In 2016, WIEGO commissioned a technical brief on Administrative Law in South Africa, which shows how workers can use Administrative Law to challenge local authorities’ decisions and actions that impinge on their livelihoods (see Using Administrative Law to Secure Informal Livelihoods: Lessons from South Africa ) . For example, street vendors can use Administrative Law to set aside a local authority’s decision to relocate them if the decision-maker failed to apply their mind and based their decision on irrelevant factors. Waste pickers can request reasons for a local authority’s decision to prohibit them from accessing a landfill site.

From January 2018, the Open Society Foundation is partnering with WIEGO’s Law Programme to build the capacity of street vendors (and in some countries also waste pickers) to use Administrative Law to challenge the local authorities’ decisions described above. The project has three stages:

  • Stage one involves researching Administrative Law and its potential as a tool for street vendors and waste pickers in specific countries;
  • Stage two involves capacity-building workshops and building institutional relationships with legal organizations to support street vendors’ and waste pickers’ legal actions; and
  • Stage three involves providing technical support to membership-based organizations to review their local authorities’ decisions.
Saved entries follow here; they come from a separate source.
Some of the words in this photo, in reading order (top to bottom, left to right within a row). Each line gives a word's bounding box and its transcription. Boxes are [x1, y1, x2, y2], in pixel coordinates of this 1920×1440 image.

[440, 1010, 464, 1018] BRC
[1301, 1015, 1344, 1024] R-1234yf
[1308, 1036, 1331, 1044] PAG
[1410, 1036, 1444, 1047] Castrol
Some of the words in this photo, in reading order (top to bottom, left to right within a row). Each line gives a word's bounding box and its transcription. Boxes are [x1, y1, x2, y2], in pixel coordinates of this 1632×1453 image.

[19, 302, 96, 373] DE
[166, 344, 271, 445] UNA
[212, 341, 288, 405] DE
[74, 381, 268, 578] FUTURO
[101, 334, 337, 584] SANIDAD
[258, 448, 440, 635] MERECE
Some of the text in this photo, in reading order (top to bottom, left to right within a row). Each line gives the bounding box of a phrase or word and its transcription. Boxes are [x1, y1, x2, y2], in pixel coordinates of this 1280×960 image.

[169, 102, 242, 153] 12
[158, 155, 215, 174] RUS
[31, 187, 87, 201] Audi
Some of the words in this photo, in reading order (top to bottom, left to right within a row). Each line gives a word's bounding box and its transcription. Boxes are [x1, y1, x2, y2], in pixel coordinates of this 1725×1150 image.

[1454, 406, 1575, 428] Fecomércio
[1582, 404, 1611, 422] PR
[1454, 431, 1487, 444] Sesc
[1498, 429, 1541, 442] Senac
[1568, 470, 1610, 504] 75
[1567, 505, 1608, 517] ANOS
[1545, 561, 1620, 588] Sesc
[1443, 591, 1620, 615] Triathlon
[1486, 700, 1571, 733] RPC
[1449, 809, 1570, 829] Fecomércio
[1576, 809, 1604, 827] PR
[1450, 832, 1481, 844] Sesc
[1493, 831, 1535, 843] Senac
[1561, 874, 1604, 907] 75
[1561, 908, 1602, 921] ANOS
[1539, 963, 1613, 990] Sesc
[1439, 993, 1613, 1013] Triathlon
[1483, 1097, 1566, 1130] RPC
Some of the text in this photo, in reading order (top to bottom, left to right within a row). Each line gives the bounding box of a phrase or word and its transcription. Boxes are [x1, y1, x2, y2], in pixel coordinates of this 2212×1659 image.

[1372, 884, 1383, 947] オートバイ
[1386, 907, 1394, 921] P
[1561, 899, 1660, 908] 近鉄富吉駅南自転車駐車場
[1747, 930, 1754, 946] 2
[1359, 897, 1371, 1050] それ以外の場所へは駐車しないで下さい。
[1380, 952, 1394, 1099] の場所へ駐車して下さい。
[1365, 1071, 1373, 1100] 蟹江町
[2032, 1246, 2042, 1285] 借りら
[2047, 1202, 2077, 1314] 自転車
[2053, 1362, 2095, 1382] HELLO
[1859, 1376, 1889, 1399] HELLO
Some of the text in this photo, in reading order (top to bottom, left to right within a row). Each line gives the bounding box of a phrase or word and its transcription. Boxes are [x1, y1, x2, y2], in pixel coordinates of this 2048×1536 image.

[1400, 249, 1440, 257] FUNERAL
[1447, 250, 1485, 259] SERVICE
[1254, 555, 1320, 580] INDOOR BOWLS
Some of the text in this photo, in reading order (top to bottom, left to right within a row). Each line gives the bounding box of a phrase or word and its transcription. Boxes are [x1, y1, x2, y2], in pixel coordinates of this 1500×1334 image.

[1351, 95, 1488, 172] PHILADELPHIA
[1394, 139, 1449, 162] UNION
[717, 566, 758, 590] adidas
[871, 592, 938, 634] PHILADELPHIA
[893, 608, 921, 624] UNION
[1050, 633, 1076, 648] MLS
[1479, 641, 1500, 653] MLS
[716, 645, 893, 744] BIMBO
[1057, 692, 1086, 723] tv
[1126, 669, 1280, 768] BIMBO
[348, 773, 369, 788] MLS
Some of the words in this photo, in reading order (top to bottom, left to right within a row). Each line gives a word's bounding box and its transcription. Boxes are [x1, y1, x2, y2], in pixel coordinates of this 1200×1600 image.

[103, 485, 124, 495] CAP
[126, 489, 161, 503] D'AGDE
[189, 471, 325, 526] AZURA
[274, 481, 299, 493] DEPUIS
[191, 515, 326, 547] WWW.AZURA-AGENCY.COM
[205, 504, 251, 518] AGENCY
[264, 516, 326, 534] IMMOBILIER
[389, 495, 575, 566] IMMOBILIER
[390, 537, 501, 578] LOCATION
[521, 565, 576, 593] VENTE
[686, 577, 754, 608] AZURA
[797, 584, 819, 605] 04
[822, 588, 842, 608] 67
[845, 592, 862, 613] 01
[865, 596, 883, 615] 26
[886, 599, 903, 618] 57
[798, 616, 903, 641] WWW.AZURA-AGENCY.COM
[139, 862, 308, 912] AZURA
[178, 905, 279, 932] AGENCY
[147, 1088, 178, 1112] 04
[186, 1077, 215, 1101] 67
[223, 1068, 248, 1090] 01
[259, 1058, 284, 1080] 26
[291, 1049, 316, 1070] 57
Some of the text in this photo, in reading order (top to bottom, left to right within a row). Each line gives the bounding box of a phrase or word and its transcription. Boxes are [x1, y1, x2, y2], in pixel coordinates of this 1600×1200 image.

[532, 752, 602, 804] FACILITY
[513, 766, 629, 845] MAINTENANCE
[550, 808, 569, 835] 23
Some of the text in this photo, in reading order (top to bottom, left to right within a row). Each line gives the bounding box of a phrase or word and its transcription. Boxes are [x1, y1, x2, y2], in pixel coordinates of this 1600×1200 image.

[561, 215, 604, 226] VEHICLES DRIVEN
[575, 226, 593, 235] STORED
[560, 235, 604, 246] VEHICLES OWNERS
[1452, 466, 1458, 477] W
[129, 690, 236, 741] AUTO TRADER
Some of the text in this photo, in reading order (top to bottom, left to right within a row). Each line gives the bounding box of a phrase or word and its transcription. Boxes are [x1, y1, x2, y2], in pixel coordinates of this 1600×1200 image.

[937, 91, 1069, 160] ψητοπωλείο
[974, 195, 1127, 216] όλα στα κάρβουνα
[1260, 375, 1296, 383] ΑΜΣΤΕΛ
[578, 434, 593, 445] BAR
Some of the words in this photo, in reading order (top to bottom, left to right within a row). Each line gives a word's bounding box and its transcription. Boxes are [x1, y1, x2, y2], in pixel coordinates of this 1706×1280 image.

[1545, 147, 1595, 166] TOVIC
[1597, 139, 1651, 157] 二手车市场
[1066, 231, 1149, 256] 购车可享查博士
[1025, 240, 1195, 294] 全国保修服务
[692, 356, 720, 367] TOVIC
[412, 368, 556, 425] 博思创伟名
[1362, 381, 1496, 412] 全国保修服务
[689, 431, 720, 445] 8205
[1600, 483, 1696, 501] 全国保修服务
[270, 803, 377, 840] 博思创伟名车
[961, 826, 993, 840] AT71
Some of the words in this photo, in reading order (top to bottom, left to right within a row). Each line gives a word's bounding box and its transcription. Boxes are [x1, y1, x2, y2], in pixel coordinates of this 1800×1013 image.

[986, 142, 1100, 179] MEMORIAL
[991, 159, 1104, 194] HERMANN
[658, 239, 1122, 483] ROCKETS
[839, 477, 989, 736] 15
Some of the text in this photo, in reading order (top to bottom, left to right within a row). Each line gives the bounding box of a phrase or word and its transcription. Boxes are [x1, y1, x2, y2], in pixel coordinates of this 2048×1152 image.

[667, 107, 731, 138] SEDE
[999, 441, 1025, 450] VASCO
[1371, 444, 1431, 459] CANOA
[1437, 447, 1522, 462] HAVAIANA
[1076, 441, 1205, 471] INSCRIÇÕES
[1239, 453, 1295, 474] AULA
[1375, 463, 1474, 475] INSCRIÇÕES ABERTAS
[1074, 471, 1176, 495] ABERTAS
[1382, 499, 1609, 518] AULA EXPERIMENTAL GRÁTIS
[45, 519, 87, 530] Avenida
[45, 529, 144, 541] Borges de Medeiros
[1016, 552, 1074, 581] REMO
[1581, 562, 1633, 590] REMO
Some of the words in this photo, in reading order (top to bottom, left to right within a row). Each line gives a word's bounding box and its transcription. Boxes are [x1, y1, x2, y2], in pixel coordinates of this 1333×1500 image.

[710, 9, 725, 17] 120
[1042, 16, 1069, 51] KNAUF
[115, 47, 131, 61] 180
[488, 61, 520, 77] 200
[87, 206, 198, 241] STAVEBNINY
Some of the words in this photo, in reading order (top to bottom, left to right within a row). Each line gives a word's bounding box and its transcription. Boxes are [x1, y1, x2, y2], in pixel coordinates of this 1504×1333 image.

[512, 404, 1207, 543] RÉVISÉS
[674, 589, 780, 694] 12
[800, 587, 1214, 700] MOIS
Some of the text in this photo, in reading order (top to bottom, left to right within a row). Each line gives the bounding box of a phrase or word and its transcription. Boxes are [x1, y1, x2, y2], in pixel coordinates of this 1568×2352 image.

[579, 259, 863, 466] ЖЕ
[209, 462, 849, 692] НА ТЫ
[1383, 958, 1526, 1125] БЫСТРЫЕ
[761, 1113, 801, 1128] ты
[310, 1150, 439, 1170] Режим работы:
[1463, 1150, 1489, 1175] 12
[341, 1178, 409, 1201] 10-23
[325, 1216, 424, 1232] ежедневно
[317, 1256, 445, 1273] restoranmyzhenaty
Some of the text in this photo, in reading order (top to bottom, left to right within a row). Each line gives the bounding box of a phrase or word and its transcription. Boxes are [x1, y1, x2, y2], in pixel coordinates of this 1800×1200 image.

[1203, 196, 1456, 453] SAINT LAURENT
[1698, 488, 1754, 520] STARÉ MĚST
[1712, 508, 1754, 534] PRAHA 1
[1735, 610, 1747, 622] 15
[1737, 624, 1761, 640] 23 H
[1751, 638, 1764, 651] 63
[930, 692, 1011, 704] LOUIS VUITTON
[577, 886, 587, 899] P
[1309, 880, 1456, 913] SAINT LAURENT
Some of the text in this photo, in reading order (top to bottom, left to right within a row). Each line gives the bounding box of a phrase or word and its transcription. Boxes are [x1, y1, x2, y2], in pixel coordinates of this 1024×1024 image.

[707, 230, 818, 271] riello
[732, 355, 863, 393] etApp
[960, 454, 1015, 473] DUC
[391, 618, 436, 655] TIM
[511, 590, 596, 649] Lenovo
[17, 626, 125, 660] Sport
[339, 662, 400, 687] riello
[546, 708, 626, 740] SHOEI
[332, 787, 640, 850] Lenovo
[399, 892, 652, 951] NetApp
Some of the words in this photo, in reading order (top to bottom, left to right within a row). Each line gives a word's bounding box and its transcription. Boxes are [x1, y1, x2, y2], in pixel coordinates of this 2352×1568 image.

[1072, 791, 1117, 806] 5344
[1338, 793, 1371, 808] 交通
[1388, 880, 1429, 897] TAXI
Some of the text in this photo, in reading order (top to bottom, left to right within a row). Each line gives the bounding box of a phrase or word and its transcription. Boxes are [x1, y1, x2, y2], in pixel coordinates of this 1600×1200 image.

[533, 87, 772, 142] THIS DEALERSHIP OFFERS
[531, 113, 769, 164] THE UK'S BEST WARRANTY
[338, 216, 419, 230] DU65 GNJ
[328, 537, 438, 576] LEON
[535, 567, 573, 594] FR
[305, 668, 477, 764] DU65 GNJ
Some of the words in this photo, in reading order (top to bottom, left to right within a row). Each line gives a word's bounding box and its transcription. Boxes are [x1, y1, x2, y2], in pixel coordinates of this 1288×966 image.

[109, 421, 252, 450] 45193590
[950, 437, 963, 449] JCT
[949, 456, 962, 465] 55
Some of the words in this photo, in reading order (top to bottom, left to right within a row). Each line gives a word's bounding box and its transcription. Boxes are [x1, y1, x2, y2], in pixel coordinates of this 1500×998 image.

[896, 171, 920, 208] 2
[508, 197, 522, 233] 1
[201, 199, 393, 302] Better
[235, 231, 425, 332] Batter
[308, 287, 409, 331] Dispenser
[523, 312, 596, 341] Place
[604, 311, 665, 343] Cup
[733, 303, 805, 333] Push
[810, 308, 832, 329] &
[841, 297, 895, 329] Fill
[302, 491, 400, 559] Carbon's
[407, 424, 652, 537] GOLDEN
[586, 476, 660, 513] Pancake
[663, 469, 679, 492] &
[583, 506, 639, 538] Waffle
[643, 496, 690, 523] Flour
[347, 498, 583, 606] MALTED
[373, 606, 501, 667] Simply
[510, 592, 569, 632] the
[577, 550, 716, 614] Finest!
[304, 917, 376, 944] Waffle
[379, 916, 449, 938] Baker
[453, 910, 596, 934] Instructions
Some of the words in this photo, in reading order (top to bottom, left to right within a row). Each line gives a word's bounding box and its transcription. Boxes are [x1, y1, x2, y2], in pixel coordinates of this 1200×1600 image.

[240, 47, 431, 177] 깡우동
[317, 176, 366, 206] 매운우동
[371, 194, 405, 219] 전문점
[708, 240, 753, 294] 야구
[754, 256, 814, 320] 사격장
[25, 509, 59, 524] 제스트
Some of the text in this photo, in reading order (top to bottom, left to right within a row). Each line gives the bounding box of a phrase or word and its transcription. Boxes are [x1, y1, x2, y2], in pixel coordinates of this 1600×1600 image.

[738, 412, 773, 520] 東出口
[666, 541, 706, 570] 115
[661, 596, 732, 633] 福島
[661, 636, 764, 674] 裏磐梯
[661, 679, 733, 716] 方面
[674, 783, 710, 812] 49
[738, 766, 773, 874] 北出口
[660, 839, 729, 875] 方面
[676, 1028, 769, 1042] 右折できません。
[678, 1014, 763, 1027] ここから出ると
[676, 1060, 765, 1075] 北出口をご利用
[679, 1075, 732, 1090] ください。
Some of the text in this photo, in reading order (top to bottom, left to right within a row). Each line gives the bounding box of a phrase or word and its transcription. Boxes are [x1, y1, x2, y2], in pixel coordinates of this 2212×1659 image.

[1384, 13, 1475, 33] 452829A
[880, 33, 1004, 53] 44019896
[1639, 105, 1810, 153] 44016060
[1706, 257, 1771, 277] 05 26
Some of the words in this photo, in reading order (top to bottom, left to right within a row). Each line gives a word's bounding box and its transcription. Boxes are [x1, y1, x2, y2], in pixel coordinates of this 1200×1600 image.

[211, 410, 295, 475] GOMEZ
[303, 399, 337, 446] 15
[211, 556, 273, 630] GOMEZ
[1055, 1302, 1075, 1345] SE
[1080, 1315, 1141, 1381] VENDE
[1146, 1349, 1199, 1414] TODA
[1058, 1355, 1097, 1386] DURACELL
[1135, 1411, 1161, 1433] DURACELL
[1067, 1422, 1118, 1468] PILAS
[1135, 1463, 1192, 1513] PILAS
During the next 18 months, together with the Organization and Representation Programme (ORP), we will be implementing stages 2 and 3 in South Africa; stages 1 and 2 in Mexico and Ghana; and stage 1 in India, Kenya, Zimbabwe, and Malawi. In Dakar, Senegal, a group of lawyers will be living with street vendors for two days and nights to understand their working conditions and will then work with WIEGO to identify legal strategies to challenge state actions.
Recent Publications
Key Recent Law Programme Engagements
  • Participation in the International Research Group on Law and Urban Space’s International and Comparative Urban Law Conference (Cape Town, South Africa, 16-18 July).
  • Participation in meetings of the Global Platform of the Right to the City (New York, USA, 14-16 July; and Nairobi, Kenya, 11-13 October).
  • Presentation of an overview of informal workers’ social protection needs at the Rights-based Social Protection conference, organized by the Africa Platform for Social Protection (Maputo, Mozambique, 18 October).
  • Participation in the Friedrich Ebert Stiftung- African Platform for Social Protection- International Trade Union Confederation Africa- WIEGO steering committee meetings (Maputo, Mozambique 17 August; and 19 October).
  • WIEGO panel at the World Bank’s Law, Justice and Development Week, “Creating an Enabling Legal Environment for Informal Workers” (6-10 November).
  • Presentation of a paper funded by the Carr Centre for Human Rights, Harvard Kennedy School “Labor Rights as Human Rights: Realizing Rights for Homeworkers in Global Supply Chains” (27 November)
  • Participation in a Gender and Global Supply Chain workshop hosted by the Ethical Trading Initiative and the Global Development Institute (Manchester, England, 22 November).